Failure To Test Care Home Residents Discharged From Hospital Based On “Clinical Advice”, Matt Hancock Claims
5 min read
Matt Hancock has claimed the decision not to test care home residents being discharged from hospital was based on “clinical advice”.
The Health Secretary said a lack of testing capacity and four-day wait for results also contributed to the policy of allowing discharges to care homes in the early months of the pandemic.
The government has faced serious criticism over the policy which contributed to 35,067 "excess deaths" of care home residents in March and April 2020.
But speaking to MPs on Thursday, Hancock said the clinical advice was to prioritise the UK’s limited testing capacity elsewhere during that period. He also claimed there were fears that delays in test results could have led to people contracting the virus in hospital while waiting to be discharged to care homes.
It comes after former Downing Street adviser Dominic Cummings said in a committee hearing last month that the government’s claims to have thrown a "protective ring" around care homes was "complete nonsense".
He also alleged the Health Secretary had told officials in March 2020 that all residents were being tested before being discharged from hospital, almost a month before the policy came into force.NHS guidance from 19 March said care home residents "must not remain" in hospital beds "unless required" in a bid to free up capacity, while care home providers were told the practice would be safe even if patients had not been tested before discharge.
Further government guidance issued on 2 April added that "negative tests are not required prior to transfers/admissions into the care homes", a policy which was not reversed until 15 April.
A National Audit Office report in June 2020 estimated that around 25,000 hospital patients were discharged into England’s care homes during the height of the first wave, including a significant number who had not been tested for the virus.
There were 6,331 excess deaths in care homes in the week ending 24 April 2020.
Hancock – who insisted he had only pledged to implement a full-scale testing programme when capacity had been increased – said the decisions were based on "clinical advice".
"We set out a policy that people would be tested when tests were available.

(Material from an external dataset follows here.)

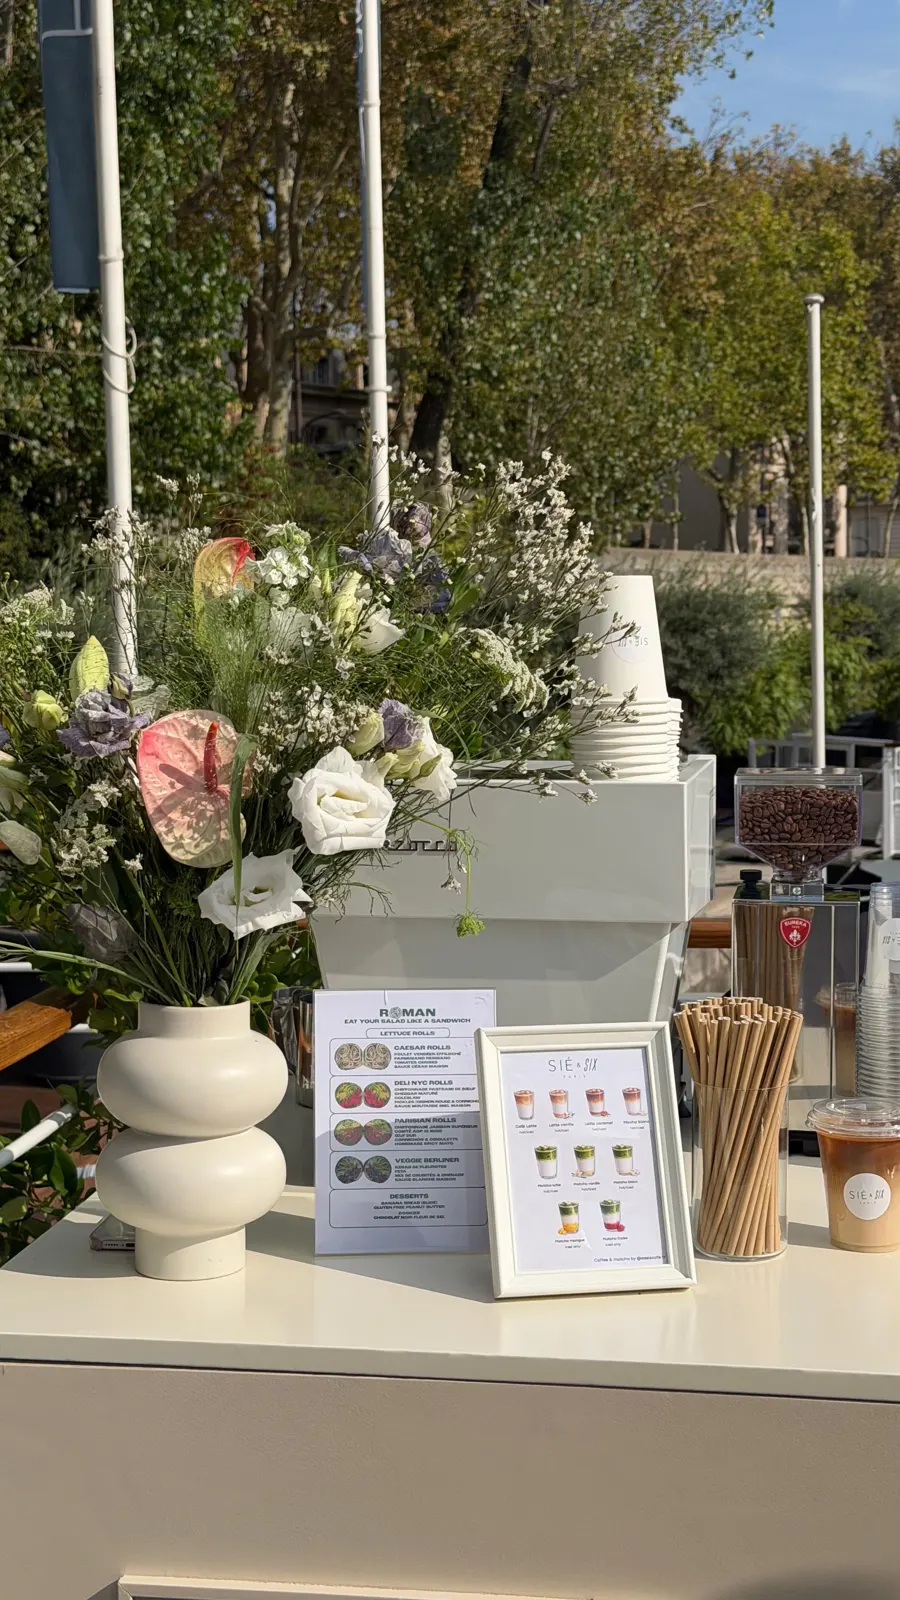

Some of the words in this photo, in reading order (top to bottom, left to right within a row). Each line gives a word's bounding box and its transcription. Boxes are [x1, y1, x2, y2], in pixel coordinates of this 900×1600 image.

[548, 1057, 573, 1072] SIÉ
[584, 1058, 598, 1072] SIX
[849, 1189, 867, 1200] SIÉ
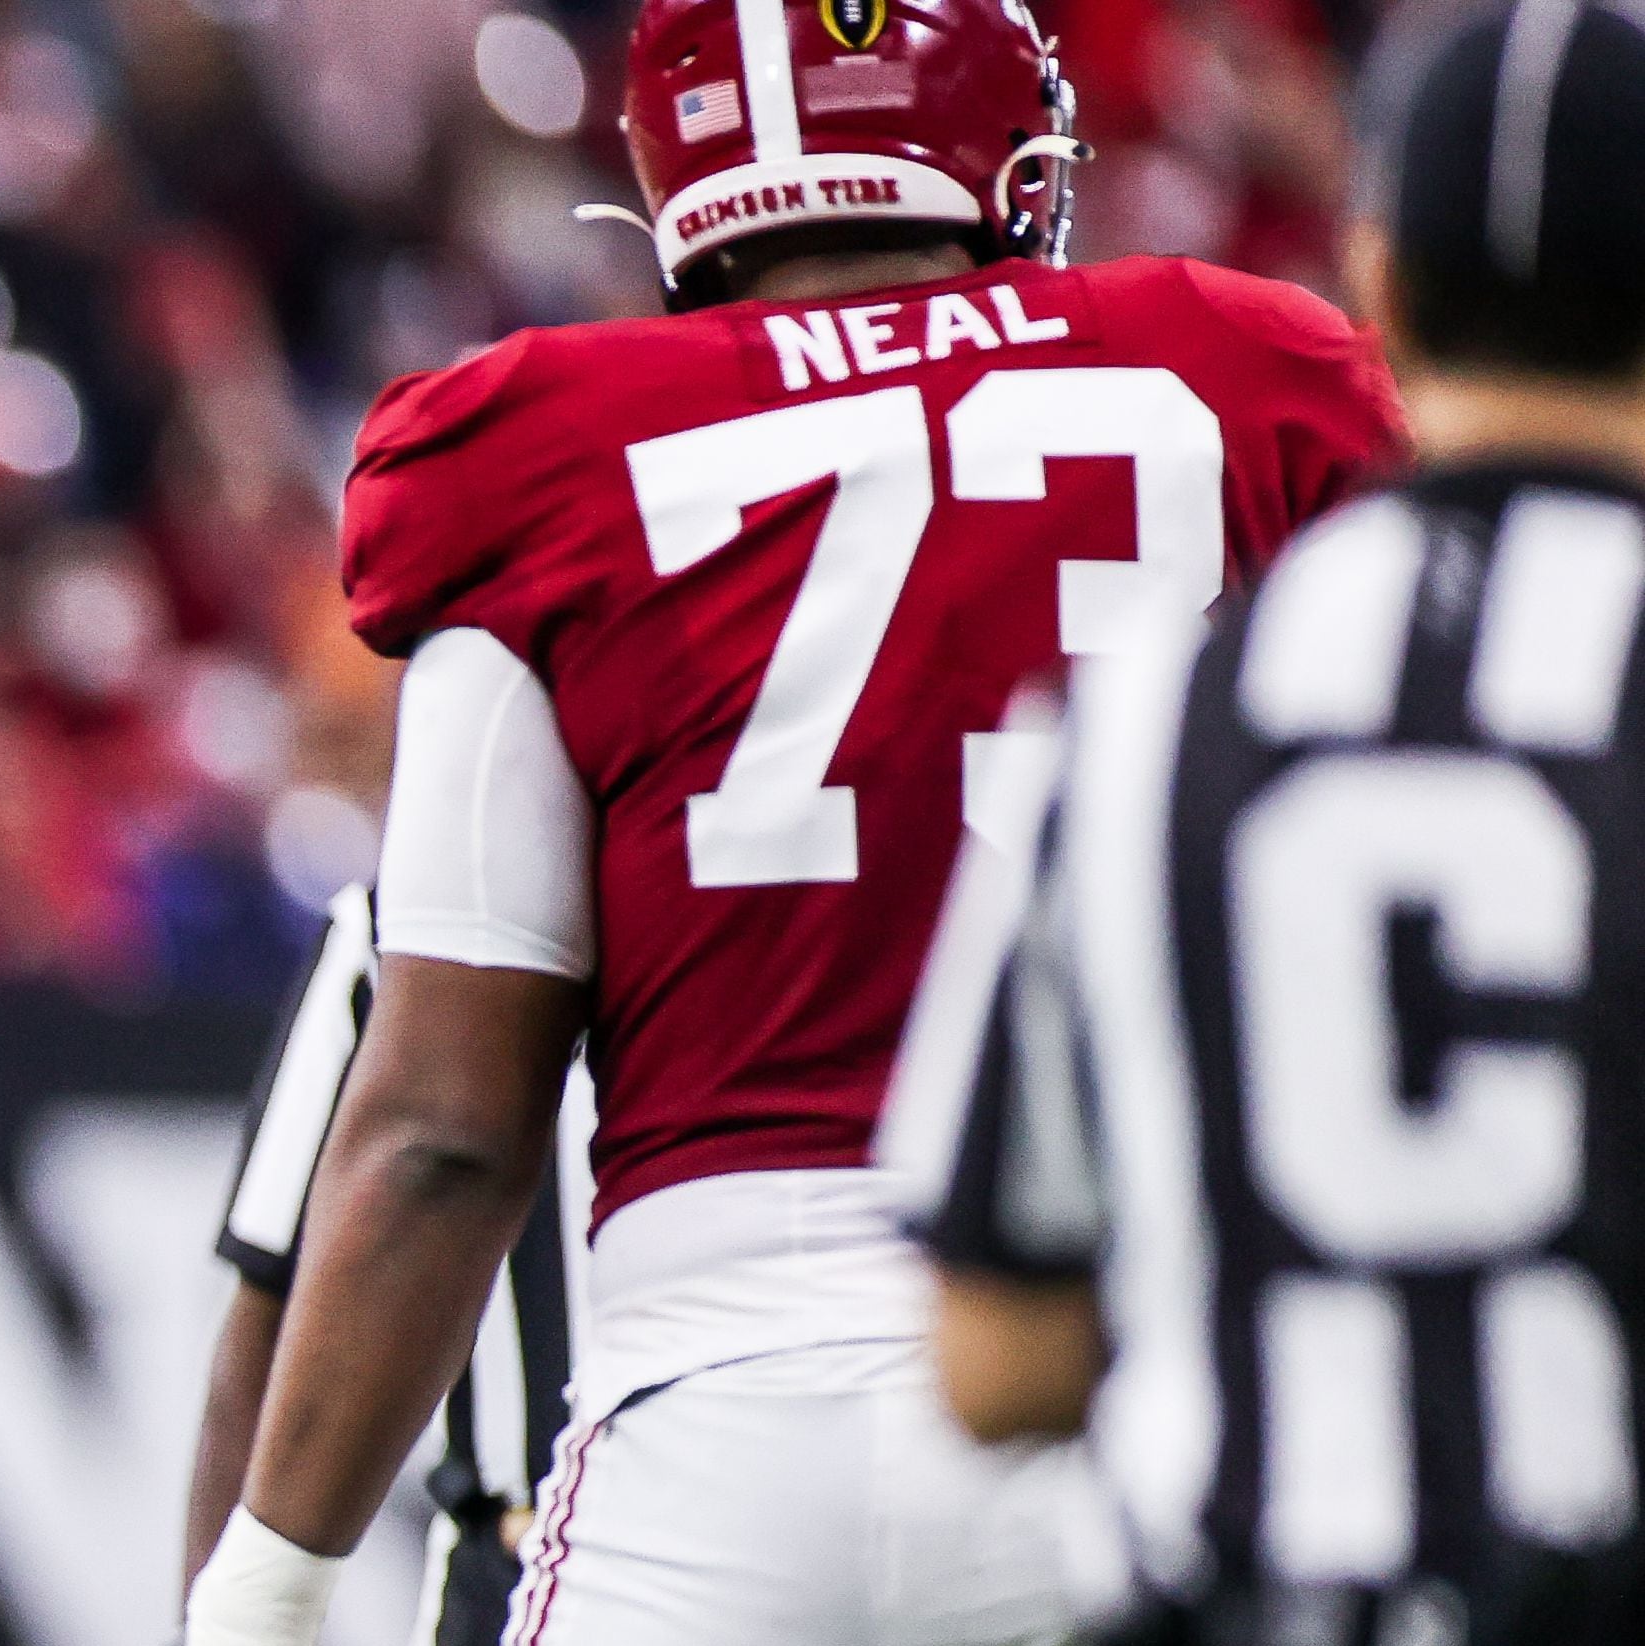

Then I set about building the testing capacity for us to be able to deliver on that," he said.
"The challenge, not just that we didn’t have the testing capacity, but also that the clinical advice was that a test on somebody who didn’t have any symptoms could easily return a false negative and therefore give false assurance that that person did not have the disease."Hancock said while he couldn’t recall a specific conversation with the Prime Minister about the lack of testing for those leaving hospital, he said he would be "amazed if that wasn’t the case".
He added: "The recollection I have is that at the time, the clinical advice was clear... the clinical advice was against asymptomatic testing."
Hancock also cited figures published by Public Health England which later concluded that just 1.6% of lab confirmed cases in care homes by October 2020 were linked with people being discharged from hospitals.
But the figures have already come under scrutiny from health experts, with Vic Rayner, chief executive of the National Care Forum, claiming the data set behind the analysis was "fundamentally flawed".
She said using the analysis to play down the impact of hospital discharges on care home infections "runs the risk of rewriting an element of history to suit a current narrative".
"The report draws its analysis from testing carried out in hospital, which at the time was both extremely limited and only concentrated on symptomatic patients," she said.
She warned that a policy to only carry out testing on 5 symptomatic patients in care homes with an outbreak meant the analysis was "very limited" in its ability to identify the source of infections.
In a paper from 12 May 2020, the government Social Care Working Group said they expected with "high confidence" but "low evidence" that hospital discharges "may have been an important source" of infections.
Questioned on the criticism, Hancock said the claim "isn’t based on no data, it’s based on the data that we have", but accepted the low figure was still important in explaining outbreaks in care homes.On the UK’s wider testing programme, Hancock admitted preparations were "weak" and that ministers "could have done better" in learning about the importance of testing from previous outbreaks of the Sars and Mers viruses.
Asked about his own target to increase capacity to 100,000 tests a day by the end of April, Hancock said there was some hesitancy among officials, adding that "we didn’t know we were going to hit it, sometimes you put yourself in jeopardy".
"The purpose of the target was to galvanise the system. It worked," he said.
"The Prime Minister was absolutely four-square behind me and gave his full, whole-hearted support in hitting this target because he, like me, knew we needed a radical increase in testing."
Defending the NHS Test and Trace programme led by Baroness Dido Harding, he said no-one was “better placed” to lead the scheme than the ex-Talk Talk executive.
He added: "Building a plane in flight is harder than flying a plane that has been built for a while… It was about the size of Tesco and she built it in six months."